Aucune de ces histoires n'a eu une fin heureuse pour les masses. Lorsque la population s'est rétablie après la peste de Justinien, la peste noire et les pandémies américaines, les salaires ont baissé et les élites ont repris le contrôle. L'Amérique latine coloniale a continué à produire certaines des inégalités les plus extrêmes jamais enregistrées. Dans la plupart des sociétés européennes, les disparités de revenus et de richesse se sont accrues pendant quatre siècles jusqu'à la veille de la Première Guerre mondiale. Ce n'est qu'à ce moment qu'une nouvelle grande vague de bouleversements catastrophiques a sapé l'ordre établi et que les inégalités économiques sont tombées vu depuis la peste noire, sinon la chute de l'Empire romain.

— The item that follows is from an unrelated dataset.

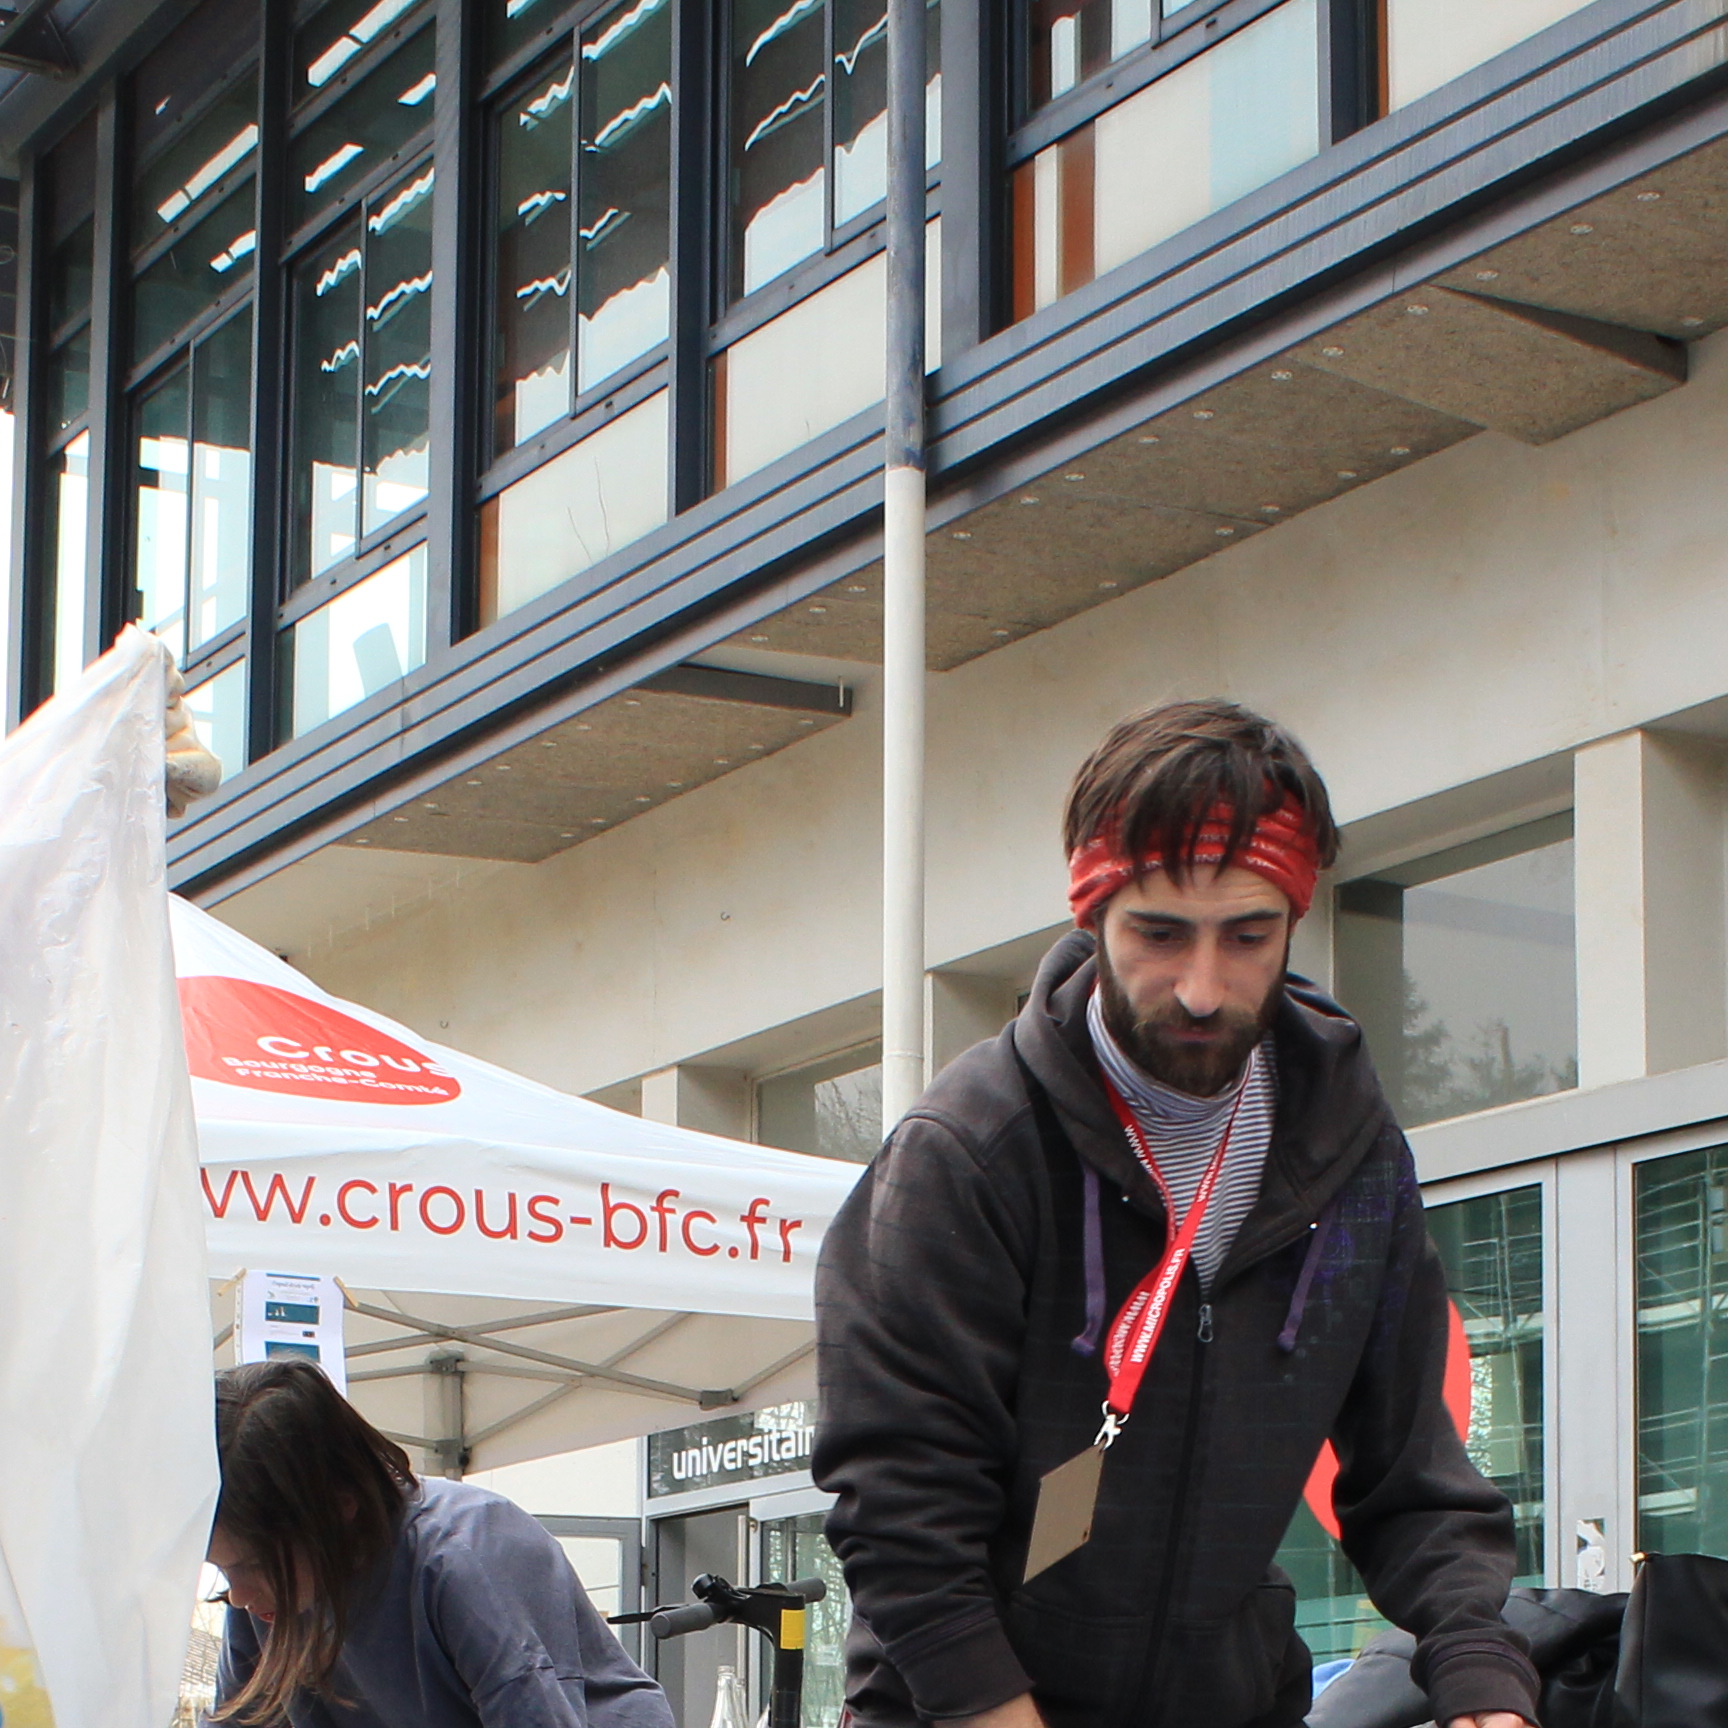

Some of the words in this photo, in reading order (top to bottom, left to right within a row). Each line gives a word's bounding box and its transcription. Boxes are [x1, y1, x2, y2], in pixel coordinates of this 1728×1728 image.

En recherchant l'illumination du passé sur notre pandémie actuelle, nous devons nous méfier des analogies superficielles. Même dans le pire des cas, Covid-19 tuera une part beaucoup plus petite de la population mondiale que n'importe laquelle de ces catastrophes antérieures, et touchera encore plus légèrement la main-d'œuvre active et la prochaine génération. La main-d’œuvre ne deviendra pas assez rare pour faire grimper les salaires, pas plus que la valeur de l’immobilier ne chutera. Et nos économies ne dépendent plus des terres agricoles et du travail manuel.

Pourtant, la leçon la plus importante de l'histoire perdure. L'impact de toute pandémie va bien au-delà des vies perdues et du commerce réduit. Aujourd'hui, l'Amérique est confrontée à un choix fondamental entre la défense du statu quo et l'adoption d'un changement progressif. La crise actuelle pourrait entraîner des réformes redistributives semblables à celles déclenchées par la Grande Dépression et la Seconde Guerre mondiale, à moins que des intérêts bien établis ne se révèlent trop puissants pour être surmontés.